#### What is being asked
Reproduce every entry below precisely; do not include the pictures.

#### Extracted information
*** Block opens ***

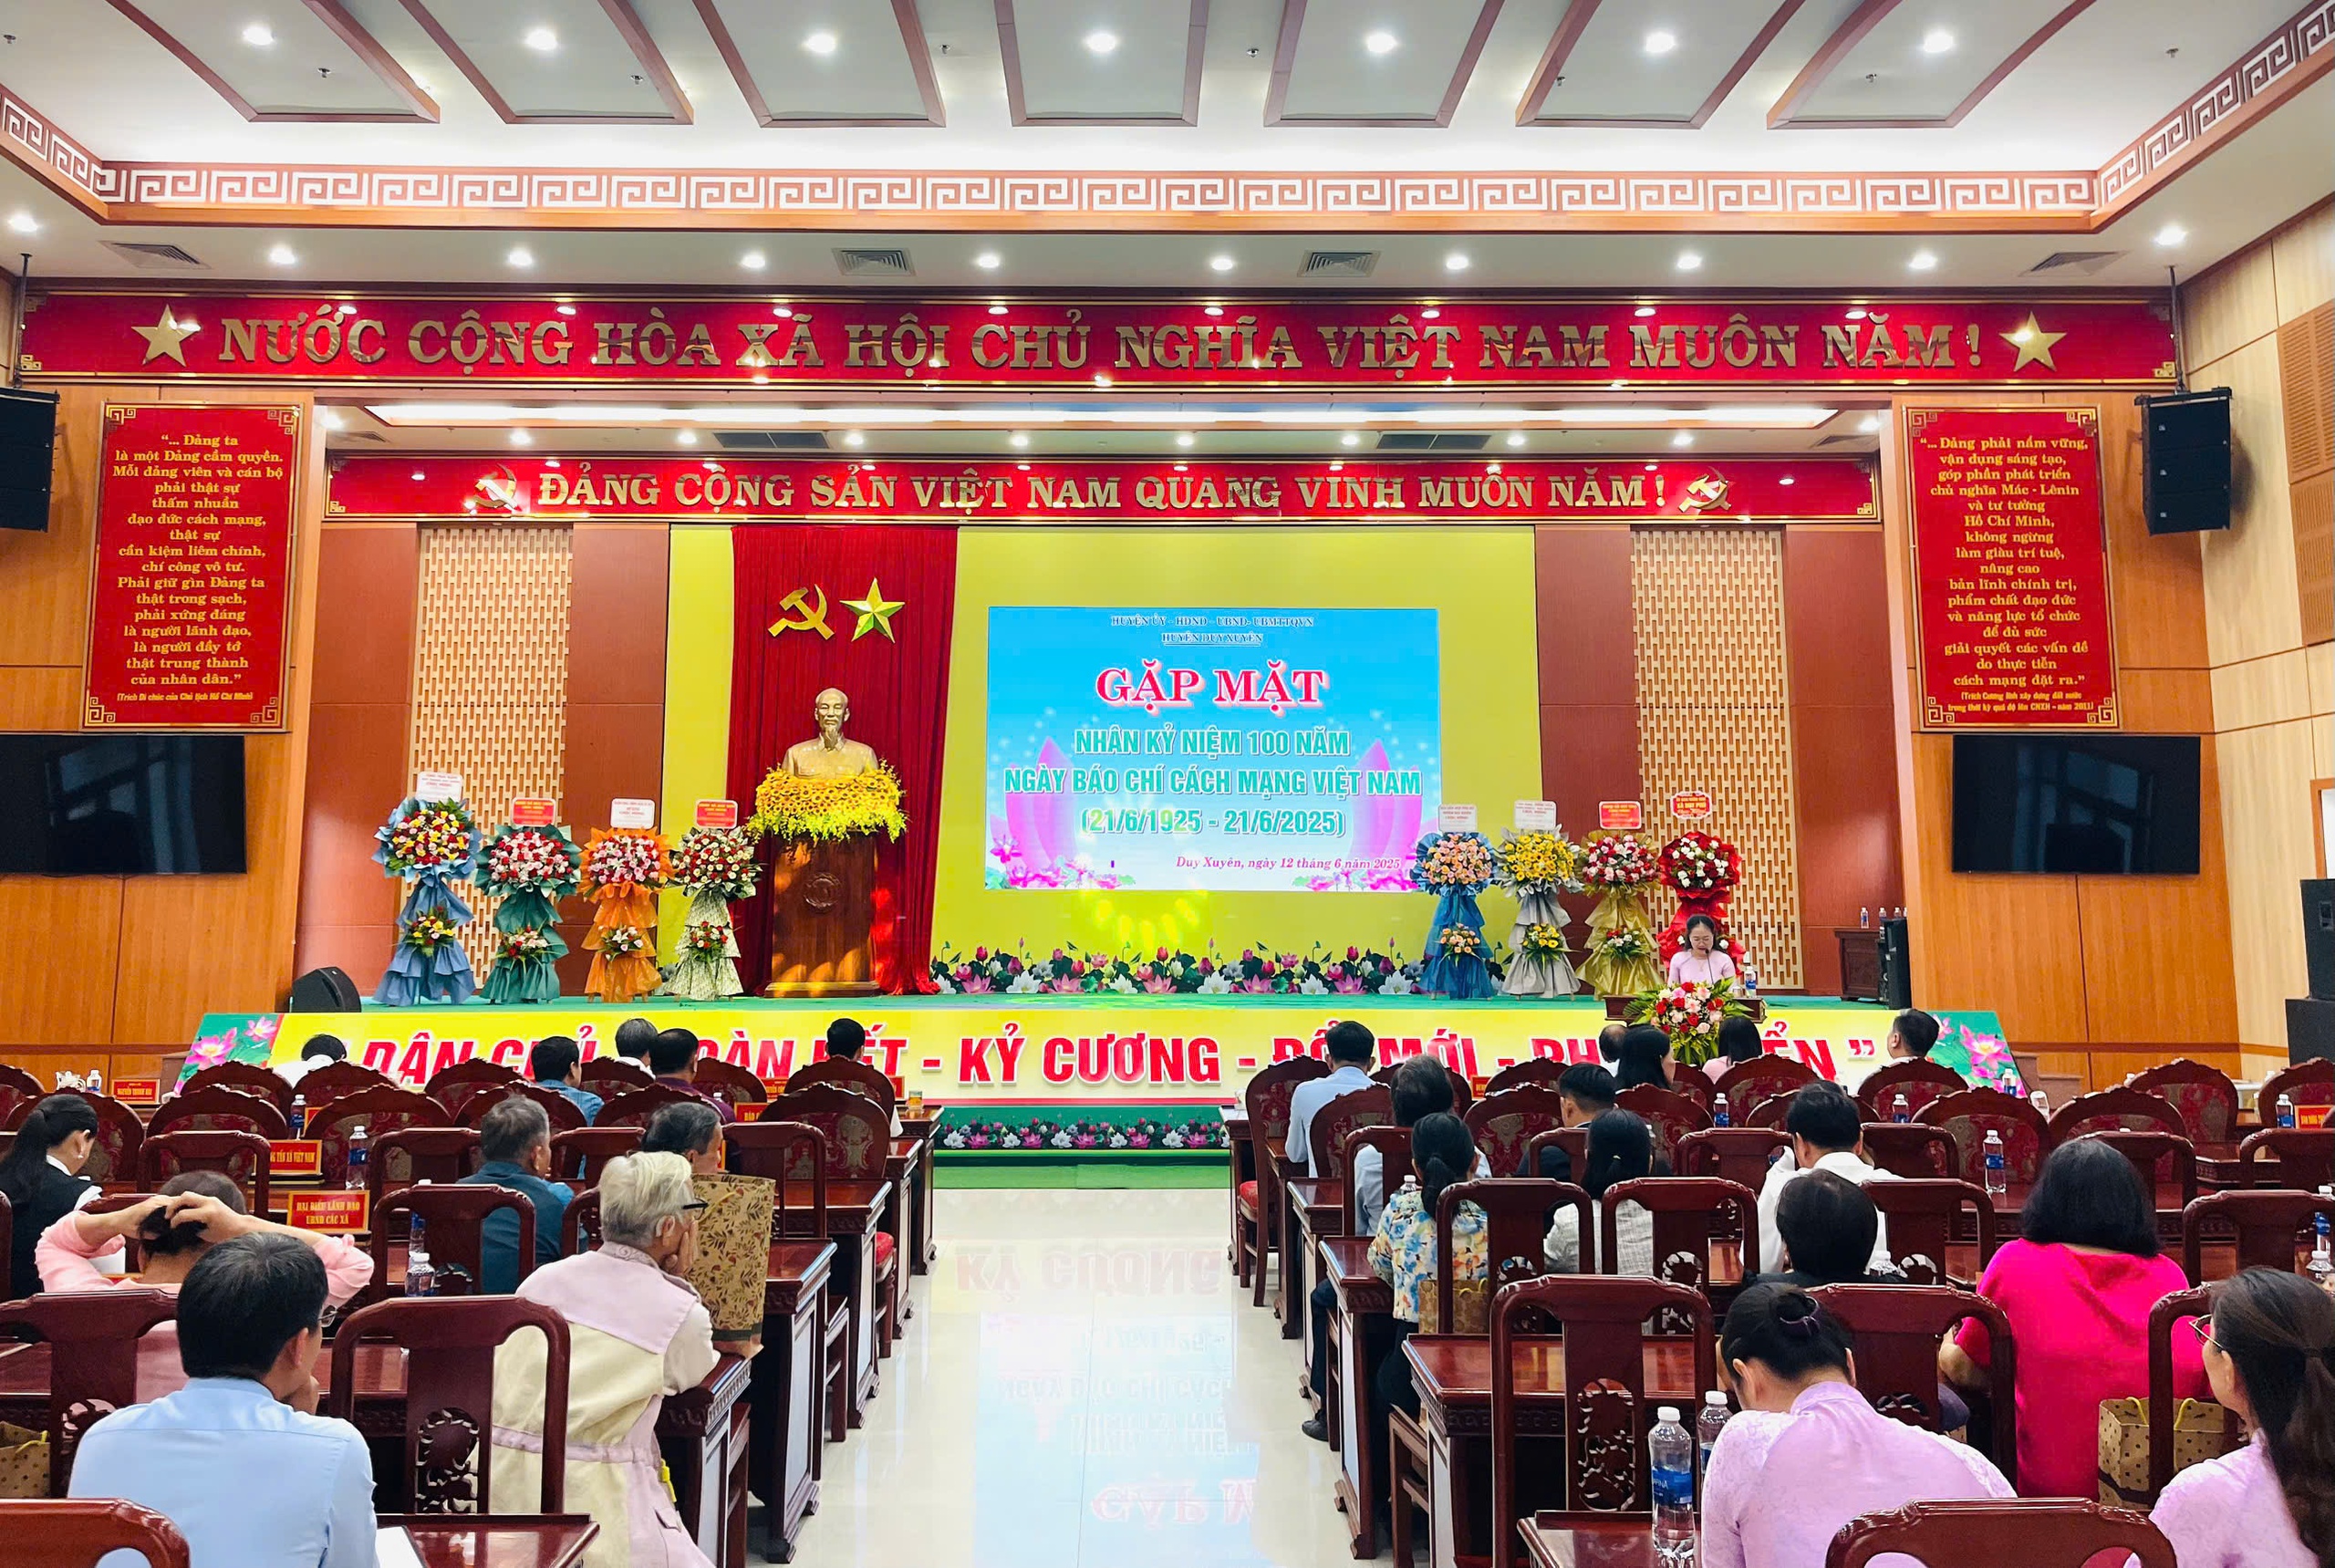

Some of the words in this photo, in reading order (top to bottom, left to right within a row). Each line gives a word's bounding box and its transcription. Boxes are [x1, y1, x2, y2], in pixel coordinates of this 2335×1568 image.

[218, 304, 386, 363] NƯỚC
[408, 309, 574, 375] CỘNG
[593, 306, 721, 366] HÒA
[736, 313, 825, 367] XÃ
[844, 312, 950, 377] HỘI
[970, 308, 1091, 368] CHỦ
[1116, 316, 1303, 369] NGHĨA
[1316, 313, 1461, 379] VIỆT
[1478, 325, 1611, 369] NAM
[1629, 313, 1800, 369] MUÔN
[537, 462, 660, 506] ĐẢNG
[675, 466, 795, 514] CỘNG
[810, 464, 898, 507] SẢN
[910, 467, 1013, 514] VIỆT
[1027, 476, 1121, 509] NAM
[1135, 476, 1282, 510] QUANG
[1294, 476, 1406, 509] VINH
[1417, 464, 1535, 509] MUÔN
[1095, 659, 1204, 714] GẶP
[1213, 659, 1328, 714] MẶT
[1074, 726, 1140, 755] NHÂN
[1147, 722, 1179, 755] KỶ
[1181, 728, 1242, 760] NIỆM
[1248, 731, 1291, 756] 100
[1295, 727, 1351, 756] NĂM
[1004, 763, 1066, 794] NGÀY
[1072, 763, 1119, 794] BÁO
[1125, 763, 1165, 794] CHÍ
[1169, 764, 1231, 795] CÁCH
[1238, 770, 1306, 800] MẠNG
[1312, 764, 1362, 801] VIỆT
[1367, 771, 1423, 796] NAM
[1080, 807, 1203, 835] (21/6/1925
[1223, 809, 1346, 837] 21/6/2025)
[1176, 857, 1200, 869] Duy
[1203, 856, 1245, 869] Xuyên,
[1248, 857, 1277, 869] ngày
[1280, 857, 1293, 868] 12
[1296, 857, 1332, 869] tháng
[1334, 858, 1341, 868] 6
[1344, 858, 1371, 869] năm
[1373, 858, 1401, 869] 2025
[958, 1023, 1025, 1083] KỶ
[1043, 1032, 1221, 1084] CƯƠNG

*** Block closes ***

#### Answer box
Some of the words in this photo, in reading order (top to bottom, left to right within a row). Each line gives a word's bounding box and its transcription. Boxes are [x1, y1, x2, y2], in pixel coordinates of this 2335×1568 image.

[218, 304, 386, 363] NƯỚC
[408, 309, 574, 375] CỘNG
[593, 306, 721, 366] HÒA
[736, 313, 825, 367] XÃ
[844, 312, 950, 377] HỘI
[970, 308, 1091, 368] CHỦ
[1116, 316, 1303, 369] NGHĨA
[1316, 313, 1461, 379] VIỆT
[1478, 325, 1611, 369] NAM
[1629, 313, 1800, 369] MUÔN
[537, 462, 660, 506] ĐẢNG
[675, 466, 795, 514] CỘNG
[810, 464, 898, 507] SẢN
[910, 467, 1013, 514] VIỆT
[1027, 476, 1121, 509] NAM
[1135, 476, 1282, 510] QUANG
[1294, 476, 1406, 509] VINH
[1417, 464, 1535, 509] MUÔN
[1095, 659, 1204, 714] GẶP
[1213, 659, 1328, 714] MẶT
[1074, 726, 1140, 755] NHÂN
[1147, 722, 1179, 755] KỶ
[1181, 728, 1242, 760] NIỆM
[1248, 731, 1291, 756] 100
[1295, 727, 1351, 756] NĂM
[1004, 763, 1066, 794] NGÀY
[1072, 763, 1119, 794] BÁO
[1125, 763, 1165, 794] CHÍ
[1169, 764, 1231, 795] CÁCH
[1238, 770, 1306, 800] MẠNG
[1312, 764, 1362, 801] VIỆT
[1367, 771, 1423, 796] NAM
[1080, 807, 1203, 835] (21/6/1925
[1223, 809, 1346, 837] 21/6/2025)
[1176, 857, 1200, 869] Duy
[1203, 856, 1245, 869] Xuyên,
[1248, 857, 1277, 869] ngày
[1280, 857, 1293, 868] 12
[1296, 857, 1332, 869] tháng
[1334, 858, 1341, 868] 6
[1344, 858, 1371, 869] năm
[1373, 858, 1401, 869] 2025
[958, 1023, 1025, 1083] KỶ
[1043, 1032, 1221, 1084] CƯƠNG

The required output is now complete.